Supplied material:
··········
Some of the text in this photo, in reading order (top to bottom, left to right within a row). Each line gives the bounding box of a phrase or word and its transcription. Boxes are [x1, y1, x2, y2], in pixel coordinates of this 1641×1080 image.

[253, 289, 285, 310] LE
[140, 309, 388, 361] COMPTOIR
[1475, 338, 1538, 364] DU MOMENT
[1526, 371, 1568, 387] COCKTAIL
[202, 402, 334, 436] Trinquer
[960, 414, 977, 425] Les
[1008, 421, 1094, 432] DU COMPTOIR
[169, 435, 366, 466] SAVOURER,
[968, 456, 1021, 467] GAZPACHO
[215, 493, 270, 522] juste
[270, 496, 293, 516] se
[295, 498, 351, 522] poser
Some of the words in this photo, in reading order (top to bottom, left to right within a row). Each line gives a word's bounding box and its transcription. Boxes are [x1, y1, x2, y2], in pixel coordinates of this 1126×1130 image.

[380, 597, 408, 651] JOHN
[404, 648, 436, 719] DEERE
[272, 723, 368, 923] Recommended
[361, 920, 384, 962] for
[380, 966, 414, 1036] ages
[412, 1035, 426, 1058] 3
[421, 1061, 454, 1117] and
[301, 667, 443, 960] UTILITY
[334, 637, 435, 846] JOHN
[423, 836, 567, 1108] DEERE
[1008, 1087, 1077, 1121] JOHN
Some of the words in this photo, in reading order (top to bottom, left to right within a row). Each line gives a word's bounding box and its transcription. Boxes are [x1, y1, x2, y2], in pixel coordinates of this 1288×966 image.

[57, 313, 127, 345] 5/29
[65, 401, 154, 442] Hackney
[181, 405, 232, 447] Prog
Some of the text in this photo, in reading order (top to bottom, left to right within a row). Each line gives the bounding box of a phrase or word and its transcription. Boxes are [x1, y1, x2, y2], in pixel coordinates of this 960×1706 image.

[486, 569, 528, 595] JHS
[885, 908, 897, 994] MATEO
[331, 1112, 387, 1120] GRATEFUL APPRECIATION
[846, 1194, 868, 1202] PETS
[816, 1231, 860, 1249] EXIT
··········
What to produce: Word for word, transcribe the data shown above.

Result of the exercise:
Some of the text in this photo, in reading order (top to bottom, left to right within a row). Each line gives the bounding box of a phrase or word and its transcription. Boxes are [x1, y1, x2, y2], in pixel coordinates of this 1641×1080 image.

[253, 289, 285, 310] LE
[140, 309, 388, 361] COMPTOIR
[1475, 338, 1538, 364] DU MOMENT
[1526, 371, 1568, 387] COCKTAIL
[202, 402, 334, 436] Trinquer
[960, 414, 977, 425] Les
[1008, 421, 1094, 432] DU COMPTOIR
[169, 435, 366, 466] SAVOURER,
[968, 456, 1021, 467] GAZPACHO
[215, 493, 270, 522] juste
[270, 496, 293, 516] se
[295, 498, 351, 522] poser
Some of the words in this photo, in reading order (top to bottom, left to right within a row). Each line gives a word's bounding box and its transcription. Boxes are [x1, y1, x2, y2], in pixel coordinates of this 1126×1130 image.

[380, 597, 408, 651] JOHN
[404, 648, 436, 719] DEERE
[272, 723, 368, 923] Recommended
[361, 920, 384, 962] for
[380, 966, 414, 1036] ages
[412, 1035, 426, 1058] 3
[421, 1061, 454, 1117] and
[301, 667, 443, 960] UTILITY
[334, 637, 435, 846] JOHN
[423, 836, 567, 1108] DEERE
[1008, 1087, 1077, 1121] JOHN
Some of the words in this photo, in reading order (top to bottom, left to right within a row). Each line gives a word's bounding box and its transcription. Boxes are [x1, y1, x2, y2], in pixel coordinates of this 1288×966 image.

[57, 313, 127, 345] 5/29
[65, 401, 154, 442] Hackney
[181, 405, 232, 447] Prog
Some of the text in this photo, in reading order (top to bottom, left to right within a row). Each line gives the bounding box of a phrase or word and its transcription. Boxes are [x1, y1, x2, y2], in pixel coordinates of this 960×1706 image.

[486, 569, 528, 595] JHS
[885, 908, 897, 994] MATEO
[331, 1112, 387, 1120] GRATEFUL APPRECIATION
[846, 1194, 868, 1202] PETS
[816, 1231, 860, 1249] EXIT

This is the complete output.